Management Commentary: A Plan with Cash at the Center

CEO Scott Sutton framed 2025 as a difficult year and laid out a 2026 plan anchored in disciplined execution and cash discipline. “In 2026, our focus is sharpening around disciplined execution and cash,” he said, outlining priorities to deliver positive free cash flow, strengthen leadership in Cellulose Specialties, and push year-over-year EBITDA improvements across all segments. He acknowledged near-term volume headwinds as customers adjust ordering and inventories, while signaling a deliberate tightening of fixed costs and CapEx. The emphasis is on converting EBITDA improvements into real cash, a transition many in the sector would welcome given the debt and liquidity backdrop.

Operational Metrics, Cash, and Levers to Watch

The quarterly and annual cash picture remains fragile: Cash Provided by Operating Activities for the year was about $24 million year-to-date, with negative Adjusted Free Cash Flow of $88 million. The balance sheet carries a substantial debt stack, and covenant leverage remains a point of focus for lenders. Management’s plan to prioritize cash generation, reduce non-critical capital outlays, and direct capital toward maintenance and higher-return projects is a notable shift for a company with a sizable manufacturing footprint that touches multiple cellulose segments. How quickly that translates into free cash flow will influence not only the equity story but debt capacity and potential refinancing options.

Implications for the Sector and Peers

The strategic pivot toward three-cellulose-segment focus mirrors a broader industry impulse: unpack the value chain to identify the cash return on specialized products. If RYAM can stabilize cash flow and begin to show positive free cash flow in 2026, peers with similar mix sensitivities—where pricing power and volumes hinge on demand in specialty cellulose—may find it prudent to accelerate similar restructurings or capital discipline. In the near term, investors will parse the company’s ability to translate EBITDA improvements into actual cash and whether the new segment philosophy yields data points that can guide peer reallocation of assets or pricing strategies. The absence of explicit revenue forecasts or consensus expectations makes the story a test of execution over guidance, a test many sector participants are running this year.

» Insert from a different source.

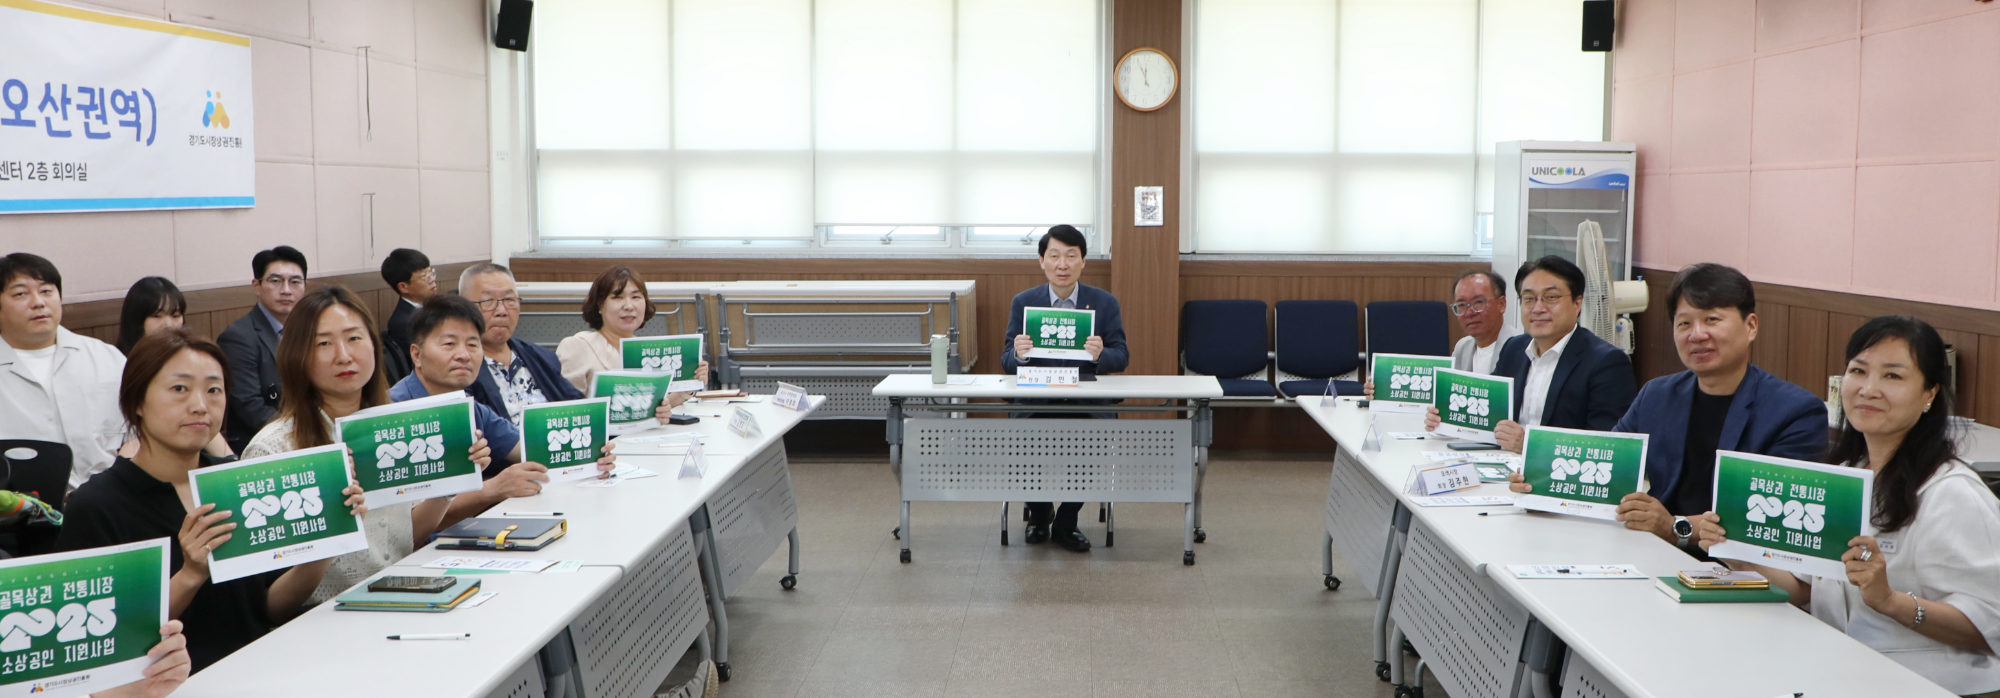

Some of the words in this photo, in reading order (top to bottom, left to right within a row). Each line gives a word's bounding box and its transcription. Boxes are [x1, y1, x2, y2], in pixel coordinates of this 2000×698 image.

Bottom Line: A Cash-Oriented Read on 2026

RYAM’s fourth quarter underscores a company in transition: it has redefined its product portfolio, tightened its strategic foci, and is signaling a pivot toward cash generation despite a challenging macro backdrop. For EPS watchers, the near-term result is a reminder that a quarterly number can be a poor proxy for a strategic calibration. The absence of explicit EPS consensus or revenue forecast numbers invites a cautious stance, but the announced plan—sharpened focus on Cellulose Specialties, disciplined capex, and working-capital efficiency—provides a plausible path to restoring positive free cash flow if operating discipline holds and demand coalesces around higher-value segments.

Source: Rayonier Advanced Materials Inc. Fourth Quarter 2025 Financial Results (press release). For investors tracking RYAM, the narrative remains about converting EBITDA into cash while navigating debt and cyclicality in cellulose markets.